Aku menganguk sebagai tanda persetujuanku. Kemudian Silvi menuju ke lantai atas, lebih tepatnya ke dalam sebuah kamar, saat dia keluar, Aku bisa melihat dia membawa sebuah buku.

Silvi menyerahkan buku tersebut kepadaku, Aku bisa melihat tulisan 'Diary' di depan sampulnya.

Aku membolak-balikkan buku tersebut, sampai pada tanggal malam sebelum kecelakaan Ayah Silvi terjadi.

Kalimat yang tertulis di halaman itu adalah:

Hari yang cerah, Aku melakukan perkerjaanku seperti biasa dan tak ada yang istimewa terjadi hari ini, selain Silvi yang ingin pergi jalan-jalan ke taman bermain saat akhir pekan nanti. Aku hanya bisa mengatakan kalau Ayahnya sedang libur, kami akan pergi ke sana.

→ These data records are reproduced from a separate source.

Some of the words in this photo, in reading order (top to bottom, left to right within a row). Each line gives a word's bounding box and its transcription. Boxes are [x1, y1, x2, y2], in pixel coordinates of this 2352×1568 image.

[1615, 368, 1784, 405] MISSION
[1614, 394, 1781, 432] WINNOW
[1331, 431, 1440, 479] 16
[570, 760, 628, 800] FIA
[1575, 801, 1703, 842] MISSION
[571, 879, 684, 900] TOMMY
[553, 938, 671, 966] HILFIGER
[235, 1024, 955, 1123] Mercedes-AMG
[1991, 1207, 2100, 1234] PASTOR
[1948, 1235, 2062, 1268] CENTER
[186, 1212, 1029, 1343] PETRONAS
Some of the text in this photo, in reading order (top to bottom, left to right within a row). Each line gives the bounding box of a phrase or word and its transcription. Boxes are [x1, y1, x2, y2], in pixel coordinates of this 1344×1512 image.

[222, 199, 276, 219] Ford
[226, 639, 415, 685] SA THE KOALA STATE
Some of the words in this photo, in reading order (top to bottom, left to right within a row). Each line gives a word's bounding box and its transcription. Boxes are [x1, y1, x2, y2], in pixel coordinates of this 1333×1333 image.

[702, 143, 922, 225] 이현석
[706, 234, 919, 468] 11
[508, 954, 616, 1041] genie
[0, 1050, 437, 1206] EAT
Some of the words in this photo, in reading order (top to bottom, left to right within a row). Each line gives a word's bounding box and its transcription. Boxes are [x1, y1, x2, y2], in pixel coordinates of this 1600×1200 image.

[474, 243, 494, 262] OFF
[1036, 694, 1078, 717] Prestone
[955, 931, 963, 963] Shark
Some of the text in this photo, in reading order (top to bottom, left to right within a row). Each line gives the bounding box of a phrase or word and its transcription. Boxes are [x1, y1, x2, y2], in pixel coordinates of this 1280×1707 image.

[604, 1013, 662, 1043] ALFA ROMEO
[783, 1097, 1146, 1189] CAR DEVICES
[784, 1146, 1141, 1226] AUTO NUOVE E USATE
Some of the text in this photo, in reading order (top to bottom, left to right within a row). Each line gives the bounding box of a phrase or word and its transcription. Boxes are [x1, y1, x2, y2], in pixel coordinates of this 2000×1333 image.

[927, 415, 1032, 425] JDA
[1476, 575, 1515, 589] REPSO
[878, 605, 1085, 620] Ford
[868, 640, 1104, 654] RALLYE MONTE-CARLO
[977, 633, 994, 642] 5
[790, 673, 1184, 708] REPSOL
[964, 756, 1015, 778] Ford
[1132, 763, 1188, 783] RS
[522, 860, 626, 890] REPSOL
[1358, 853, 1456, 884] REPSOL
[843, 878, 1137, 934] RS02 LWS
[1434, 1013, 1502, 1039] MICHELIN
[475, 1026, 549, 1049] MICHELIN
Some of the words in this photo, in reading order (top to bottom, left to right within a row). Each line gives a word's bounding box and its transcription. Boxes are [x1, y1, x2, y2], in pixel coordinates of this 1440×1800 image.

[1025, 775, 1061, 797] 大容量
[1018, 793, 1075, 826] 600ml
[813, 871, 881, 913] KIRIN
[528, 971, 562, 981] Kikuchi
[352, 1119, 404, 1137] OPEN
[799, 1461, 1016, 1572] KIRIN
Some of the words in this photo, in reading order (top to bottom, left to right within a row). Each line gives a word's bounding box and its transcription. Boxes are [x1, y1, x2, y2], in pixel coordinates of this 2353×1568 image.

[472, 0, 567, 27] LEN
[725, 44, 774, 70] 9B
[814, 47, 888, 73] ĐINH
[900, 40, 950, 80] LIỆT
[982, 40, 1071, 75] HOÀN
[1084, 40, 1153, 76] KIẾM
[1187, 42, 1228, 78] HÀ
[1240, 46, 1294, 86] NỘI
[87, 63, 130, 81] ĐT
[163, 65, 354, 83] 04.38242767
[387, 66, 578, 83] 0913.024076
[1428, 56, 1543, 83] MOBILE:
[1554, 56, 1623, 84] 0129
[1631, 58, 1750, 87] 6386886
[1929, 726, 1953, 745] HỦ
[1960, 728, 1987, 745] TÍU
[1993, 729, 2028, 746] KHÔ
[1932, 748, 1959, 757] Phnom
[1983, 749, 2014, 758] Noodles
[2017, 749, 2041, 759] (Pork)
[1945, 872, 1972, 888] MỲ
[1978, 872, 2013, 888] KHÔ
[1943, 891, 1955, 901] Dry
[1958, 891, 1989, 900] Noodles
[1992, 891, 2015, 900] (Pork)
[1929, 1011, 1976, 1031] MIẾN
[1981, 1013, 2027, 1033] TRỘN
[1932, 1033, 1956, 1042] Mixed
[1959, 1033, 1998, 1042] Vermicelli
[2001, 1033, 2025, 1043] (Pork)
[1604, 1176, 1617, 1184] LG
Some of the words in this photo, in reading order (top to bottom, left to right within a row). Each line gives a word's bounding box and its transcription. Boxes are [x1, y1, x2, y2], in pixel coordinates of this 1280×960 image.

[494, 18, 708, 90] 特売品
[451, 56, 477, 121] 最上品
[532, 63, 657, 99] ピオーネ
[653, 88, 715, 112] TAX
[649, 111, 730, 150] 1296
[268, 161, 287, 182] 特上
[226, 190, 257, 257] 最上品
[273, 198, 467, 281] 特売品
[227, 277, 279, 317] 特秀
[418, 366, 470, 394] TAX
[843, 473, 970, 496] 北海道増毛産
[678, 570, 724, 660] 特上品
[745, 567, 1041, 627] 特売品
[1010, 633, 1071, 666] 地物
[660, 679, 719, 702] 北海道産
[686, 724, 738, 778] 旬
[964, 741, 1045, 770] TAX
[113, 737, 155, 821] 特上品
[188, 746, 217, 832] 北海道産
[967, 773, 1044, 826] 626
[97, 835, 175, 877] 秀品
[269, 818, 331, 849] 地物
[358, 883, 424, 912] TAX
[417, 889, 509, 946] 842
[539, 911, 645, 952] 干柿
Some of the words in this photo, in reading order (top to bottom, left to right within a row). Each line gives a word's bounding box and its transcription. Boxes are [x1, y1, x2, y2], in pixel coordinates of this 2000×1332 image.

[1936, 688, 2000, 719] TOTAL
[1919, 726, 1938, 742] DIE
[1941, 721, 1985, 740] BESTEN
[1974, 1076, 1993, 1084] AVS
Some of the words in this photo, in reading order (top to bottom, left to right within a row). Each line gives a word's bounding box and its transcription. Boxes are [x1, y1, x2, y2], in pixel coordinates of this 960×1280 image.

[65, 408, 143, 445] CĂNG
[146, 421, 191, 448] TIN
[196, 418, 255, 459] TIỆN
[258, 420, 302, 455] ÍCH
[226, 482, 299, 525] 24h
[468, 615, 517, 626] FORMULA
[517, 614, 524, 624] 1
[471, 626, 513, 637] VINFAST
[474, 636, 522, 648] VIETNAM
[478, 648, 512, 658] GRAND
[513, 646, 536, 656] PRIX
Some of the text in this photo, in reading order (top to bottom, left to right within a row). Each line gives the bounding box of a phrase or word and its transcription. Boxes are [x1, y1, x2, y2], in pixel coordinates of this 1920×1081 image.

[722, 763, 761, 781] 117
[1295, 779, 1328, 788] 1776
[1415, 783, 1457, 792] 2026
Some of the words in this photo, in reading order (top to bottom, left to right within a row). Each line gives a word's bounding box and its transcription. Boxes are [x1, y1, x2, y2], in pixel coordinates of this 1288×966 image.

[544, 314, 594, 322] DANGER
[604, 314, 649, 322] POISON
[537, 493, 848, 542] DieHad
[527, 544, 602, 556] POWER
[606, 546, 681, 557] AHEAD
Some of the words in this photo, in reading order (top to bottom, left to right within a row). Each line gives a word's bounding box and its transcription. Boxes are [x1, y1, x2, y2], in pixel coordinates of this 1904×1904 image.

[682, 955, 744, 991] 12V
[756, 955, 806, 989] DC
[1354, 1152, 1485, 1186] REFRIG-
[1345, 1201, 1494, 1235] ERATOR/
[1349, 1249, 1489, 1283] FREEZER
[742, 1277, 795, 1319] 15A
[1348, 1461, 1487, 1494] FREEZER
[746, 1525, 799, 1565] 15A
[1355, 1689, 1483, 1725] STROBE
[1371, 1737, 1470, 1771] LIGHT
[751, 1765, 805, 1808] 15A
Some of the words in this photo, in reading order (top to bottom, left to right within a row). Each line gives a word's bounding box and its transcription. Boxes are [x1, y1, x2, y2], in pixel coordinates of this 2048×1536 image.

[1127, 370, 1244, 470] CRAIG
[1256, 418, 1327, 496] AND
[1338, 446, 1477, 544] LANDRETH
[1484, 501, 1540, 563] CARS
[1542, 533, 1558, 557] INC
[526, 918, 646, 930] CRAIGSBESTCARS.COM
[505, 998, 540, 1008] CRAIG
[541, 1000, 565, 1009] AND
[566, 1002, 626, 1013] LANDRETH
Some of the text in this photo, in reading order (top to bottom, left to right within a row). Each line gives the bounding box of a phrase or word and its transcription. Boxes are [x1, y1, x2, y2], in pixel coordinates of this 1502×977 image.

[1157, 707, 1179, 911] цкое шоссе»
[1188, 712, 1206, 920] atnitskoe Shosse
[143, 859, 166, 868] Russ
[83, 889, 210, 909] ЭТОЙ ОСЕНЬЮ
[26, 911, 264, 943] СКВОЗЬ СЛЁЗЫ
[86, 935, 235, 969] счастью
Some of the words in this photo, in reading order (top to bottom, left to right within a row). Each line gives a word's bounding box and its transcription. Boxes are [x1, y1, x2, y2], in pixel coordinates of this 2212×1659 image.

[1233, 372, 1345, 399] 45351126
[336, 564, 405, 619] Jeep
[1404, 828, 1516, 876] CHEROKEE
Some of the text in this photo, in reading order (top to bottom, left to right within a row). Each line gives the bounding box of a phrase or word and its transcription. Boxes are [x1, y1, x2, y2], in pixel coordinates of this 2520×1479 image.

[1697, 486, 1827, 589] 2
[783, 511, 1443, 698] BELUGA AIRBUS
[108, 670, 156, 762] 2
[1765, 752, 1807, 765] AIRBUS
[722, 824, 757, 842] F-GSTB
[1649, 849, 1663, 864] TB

Aku tak bisa mengatakan kalau Aku dengan Robert sebetulnya sudah tak harmonis lagi, dan kami tak ingin menghabiskan waktu bersama lagi, tapi karena Silvi sepertinya sangat ingin pergi ke sana, Aku dan Robert sepakat untuk berdamai, sampai kami pergi ke taman hiburan.

Dan setelah pergi ke sana, kami baru akan mengatakan kepada Silvi, kalau kami ingin berpisah.

Semoga Silvi bisa mengerti.

Setelah selesai membaca tulisan dalam halaman tersebut, Aku memasang wajah terkejut. Sepertinya Silvi menyadari perubahan ekspresi wajahku setelah membaca buku itu.

"Ada apa? Memangnya apa yang ditulis di sana?"

Tanya Silvi sambil mencoba melihat buku yang sedang Aku pegang, Aku langsung menutup halaman buku tersebut sebelum Silvi bisa melihat isinya.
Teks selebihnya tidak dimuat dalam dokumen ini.